- **WHAT IS BEING ASKED**
Write out the lines below once more, exactly as they appear. Do not include pictures.
[Start of section]
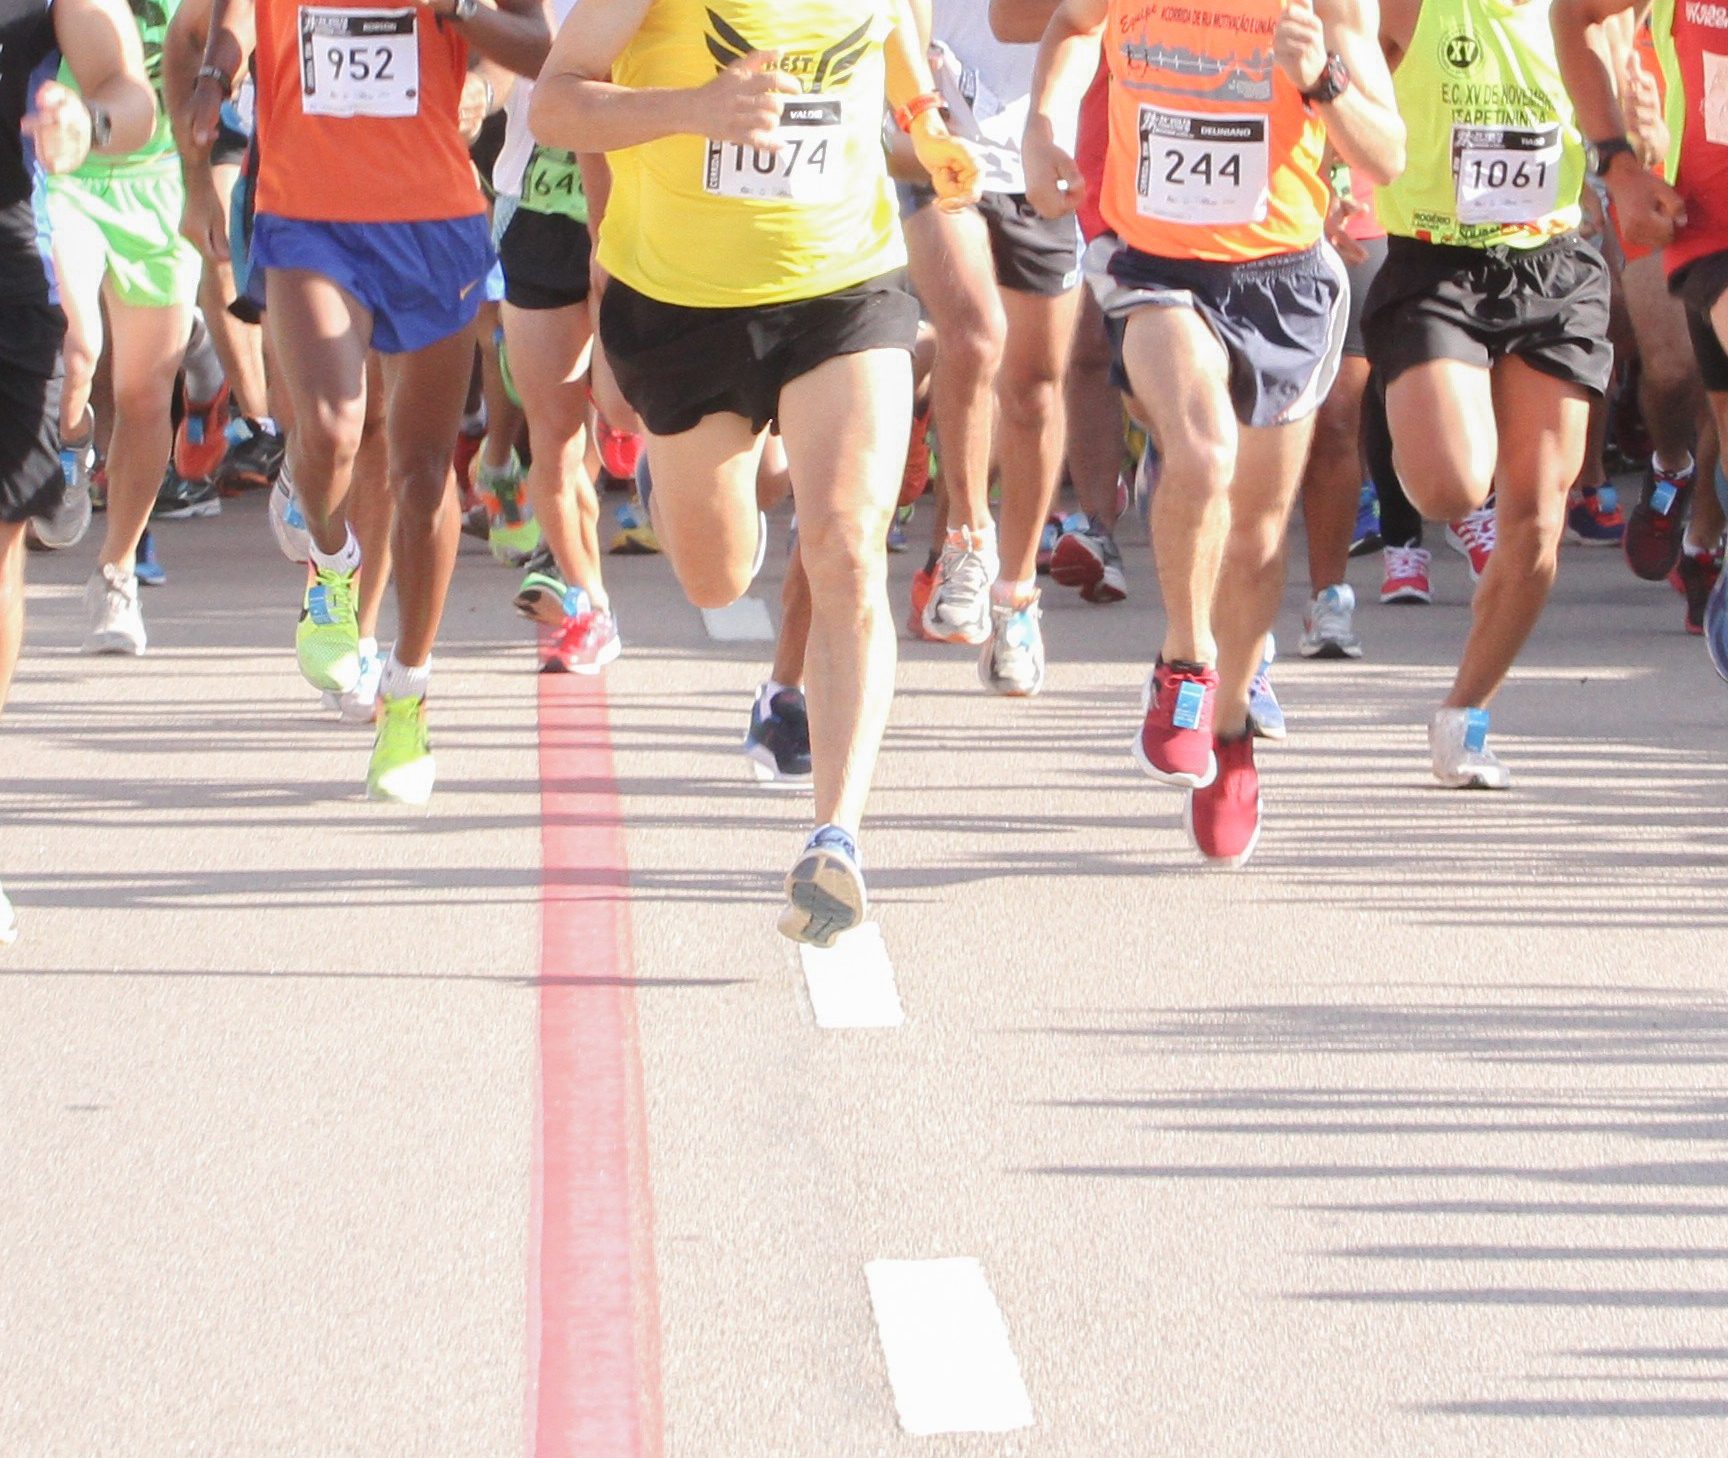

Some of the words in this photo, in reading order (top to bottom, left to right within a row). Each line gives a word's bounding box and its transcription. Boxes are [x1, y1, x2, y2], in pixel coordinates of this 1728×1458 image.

[327, 46, 395, 81] 952
[1450, 41, 1476, 62] XV
[731, 139, 828, 177] 1074
[1165, 149, 1240, 186] 244
[1472, 159, 1546, 190] 1061
[534, 167, 584, 197] 64
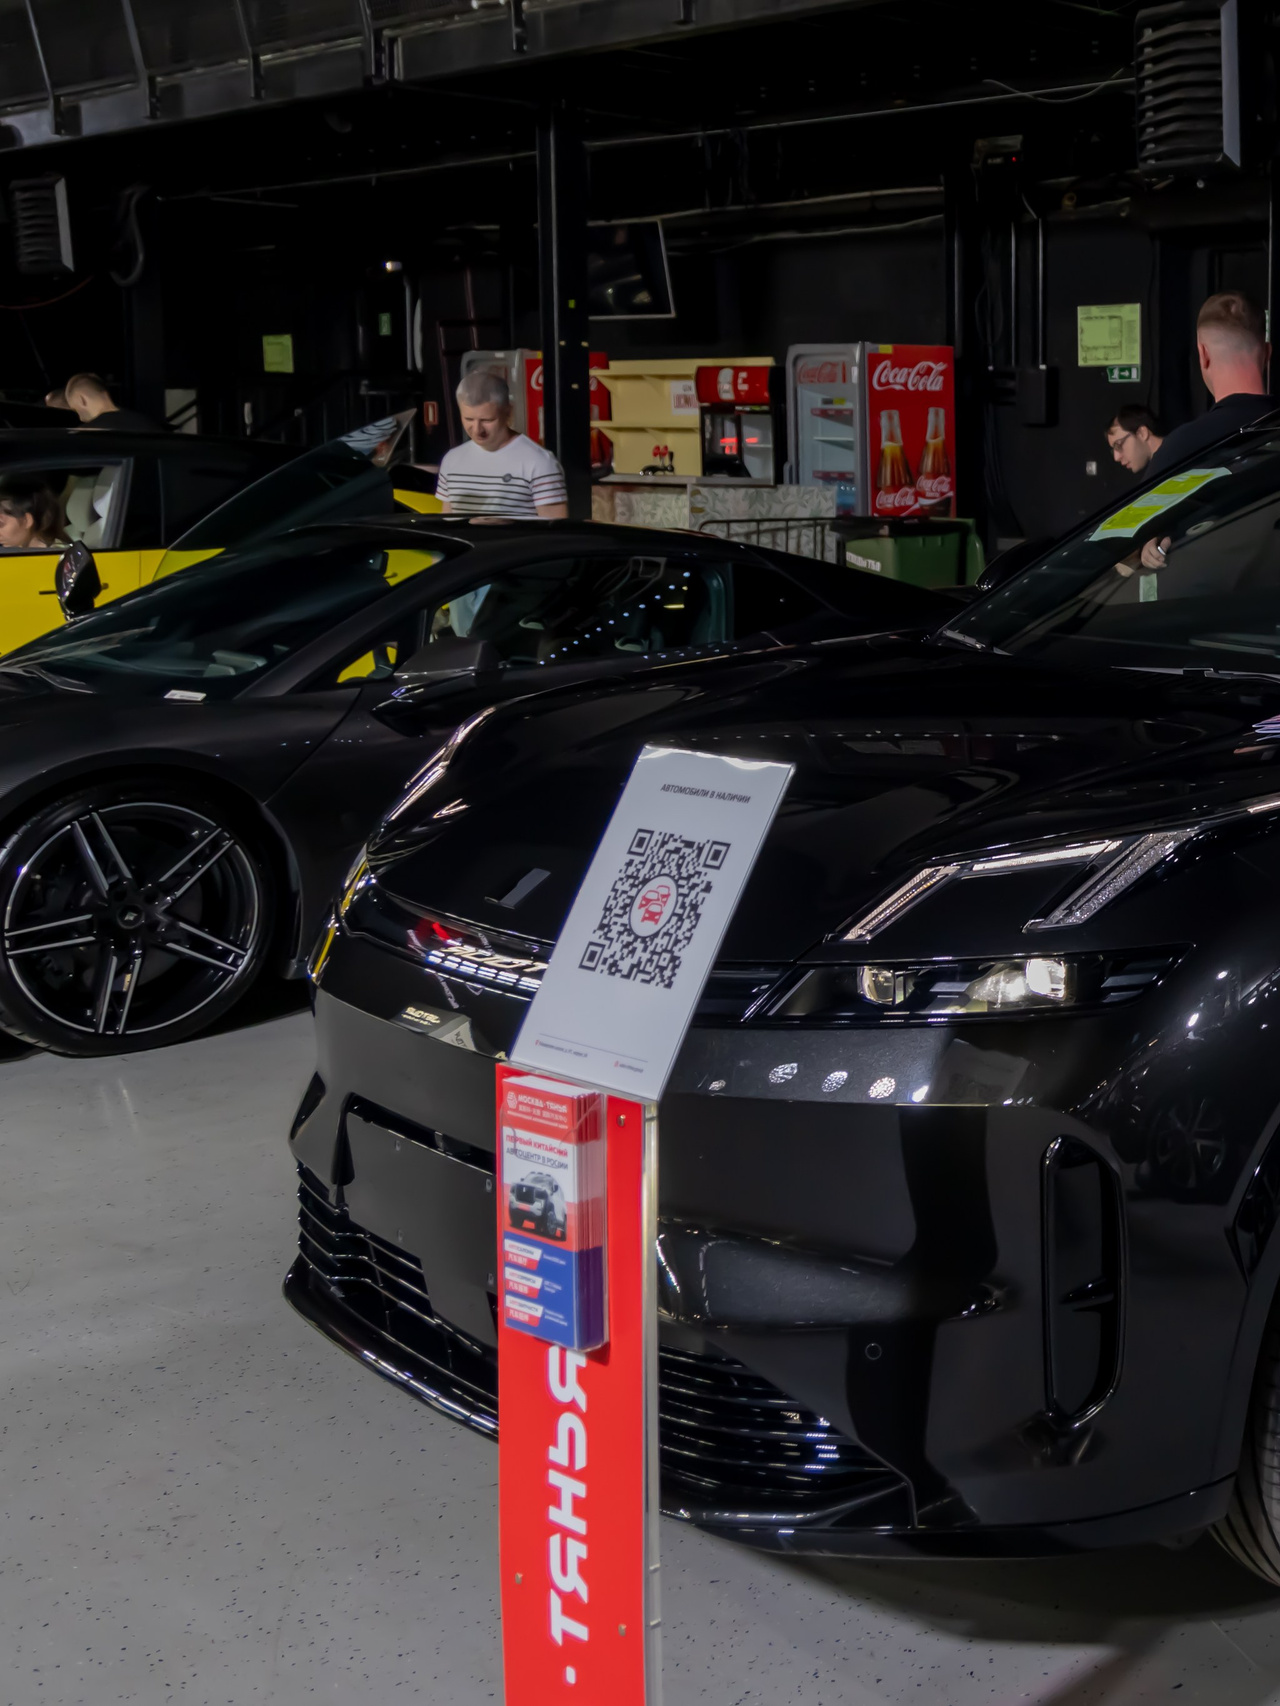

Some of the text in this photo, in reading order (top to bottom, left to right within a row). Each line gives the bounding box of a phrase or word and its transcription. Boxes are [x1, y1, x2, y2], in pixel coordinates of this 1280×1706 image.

[872, 360, 948, 391] Coca-Cola
[660, 783, 751, 804] АВТОМОБИЛИ В НАЛИЧИИ
[548, 1345, 589, 1646] ТЯНЬЯ
[End of section]
- **PROBLEM SOLUTION**
Some of the words in this photo, in reading order (top to bottom, left to right within a row). Each line gives a word's bounding box and its transcription. Boxes are [x1, y1, x2, y2], in pixel coordinates of this 1728×1458 image.

[327, 46, 395, 81] 952
[1450, 41, 1476, 62] XV
[731, 139, 828, 177] 1074
[1165, 149, 1240, 186] 244
[1472, 159, 1546, 190] 1061
[534, 167, 584, 197] 64

Some of the text in this photo, in reading order (top to bottom, left to right within a row). Each line gives the bounding box of a phrase or word and its transcription. Boxes are [x1, y1, x2, y2], in pixel coordinates of this 1280×1706 image.

[872, 360, 948, 391] Coca-Cola
[660, 783, 751, 804] АВТОМОБИЛИ В НАЛИЧИИ
[548, 1345, 589, 1646] ТЯНЬЯ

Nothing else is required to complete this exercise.